Carrot and tomato soup "Vitamine"
- 1 tbsp. l. olive oil
- large onion, chopped
- 250 packs of carrots "Mini Carrot" peel and coarsely chopped
- 2 cloves garlic, minced
- redchilli, finely chopped (including seeds)
- 500 g tomatoes
- 250 g of vegetable broth
- 250 ml whipping cream
- 1 bunch chopped fresh cilantro
- 2 tbsp balsamic vinegar
- 1 tbsp. l. Sahara
- Salt and pepper to taste
Tomatoes boil in salted water.
In a large saucepan over medium heat, heat the olive oil and cook the onion, carrot, garlic and pepper until tender.
Add tomatoes, vegetable broth, half the cilantro, balsamic vinegar, sugar.
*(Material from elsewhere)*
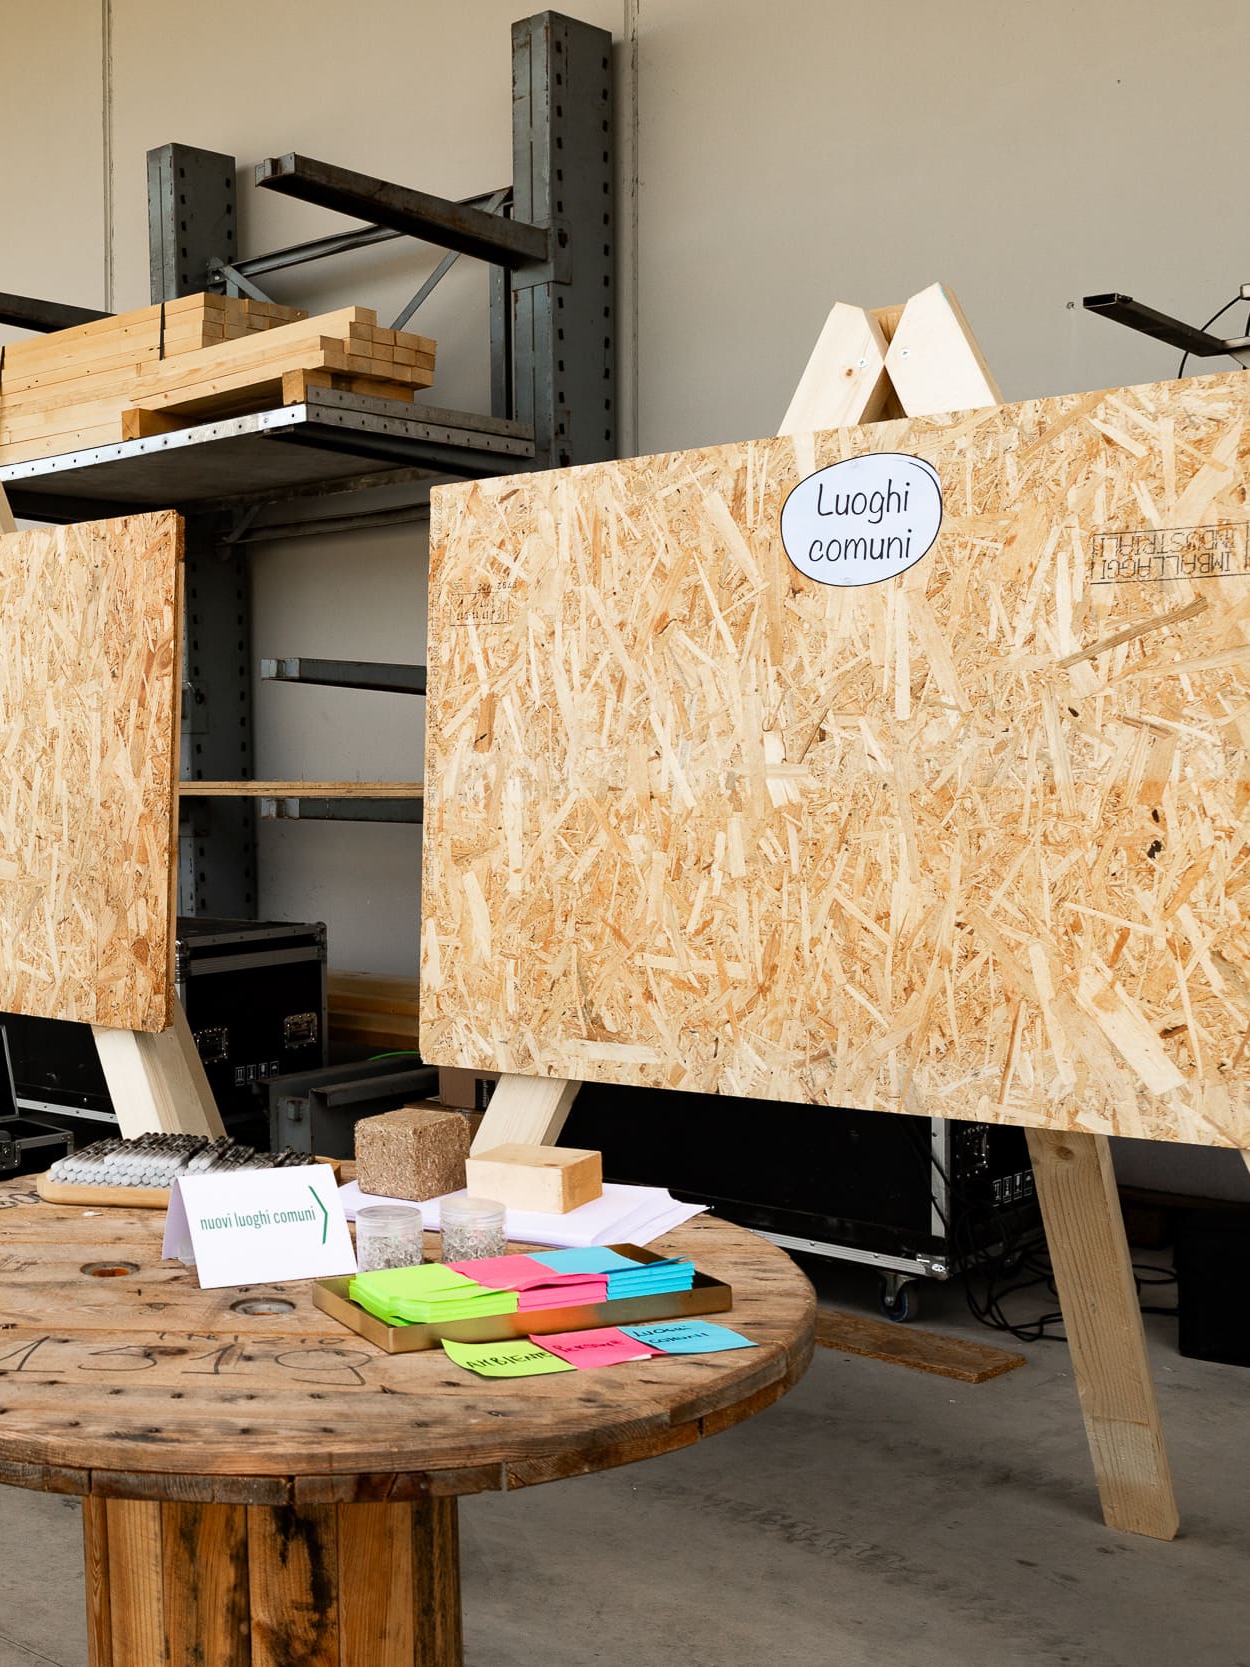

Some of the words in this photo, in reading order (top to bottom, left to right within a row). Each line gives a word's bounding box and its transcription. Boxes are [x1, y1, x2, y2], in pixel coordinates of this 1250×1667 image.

Season with salt and boil pepper.Bring to a boil. Reduce heat to simmer and the weakest 30 minutes.
On the part of the soup in a blender grind to a state of mashed potatoes. Return soup to the saucepan over low heat until all the soup is warm.
Remove the soup from the heat and add the cream. Finely chop the remaining cilantro and add to the soup before serving.
To decorate pour a little cream in the middle of the spiral, and top with a few leaves of cilantro.